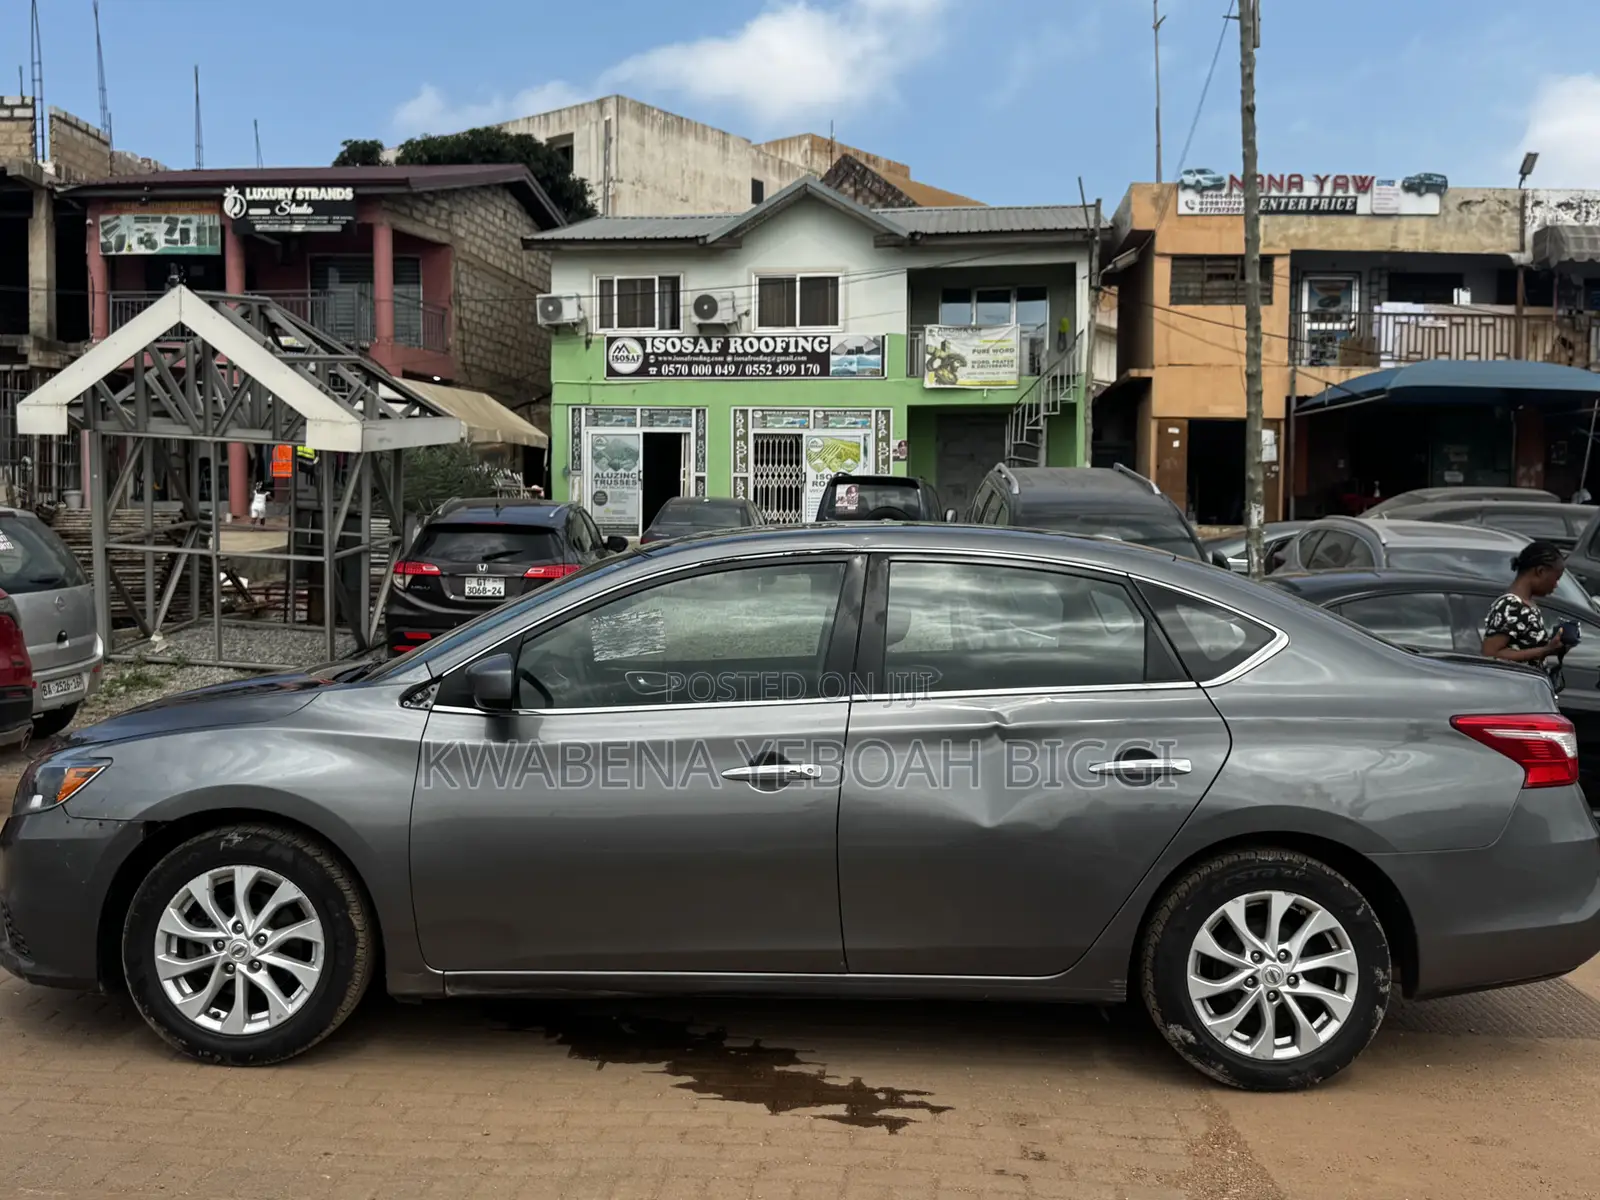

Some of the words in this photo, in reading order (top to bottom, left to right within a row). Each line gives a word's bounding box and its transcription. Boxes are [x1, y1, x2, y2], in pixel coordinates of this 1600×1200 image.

[1313, 174, 1376, 194] YAW
[245, 187, 295, 200] LUXURY
[295, 187, 354, 200] STRANDS
[274, 200, 314, 216] Studio
[644, 337, 725, 353] ISOSAF
[728, 336, 830, 354] ROOFING
[661, 363, 689, 376] 0570
[691, 363, 712, 376] 000
[714, 363, 736, 376] 049
[745, 363, 773, 376] 0552
[775, 363, 797, 376] 499
[800, 363, 821, 376] 170
[466, 586, 502, 596] 3068-24
++++++++++
▶ [Problem requirements]: Return the records above exactly as written, but without any of the pictures.

▶ [Finished task]:
Some of the words in this photo, in reading order (top to bottom, left to right within a row). Each line gives a word's bounding box and its transcription. Boxes are [x1, y1, x2, y2], in pixel coordinates of this 1600×1200 image.

[1313, 174, 1376, 194] YAW
[245, 187, 295, 200] LUXURY
[295, 187, 354, 200] STRANDS
[274, 200, 314, 216] Studio
[644, 337, 725, 353] ISOSAF
[728, 336, 830, 354] ROOFING
[661, 363, 689, 376] 0570
[691, 363, 712, 376] 000
[714, 363, 736, 376] 049
[745, 363, 773, 376] 0552
[775, 363, 797, 376] 499
[800, 363, 821, 376] 170
[466, 586, 502, 596] 3068-24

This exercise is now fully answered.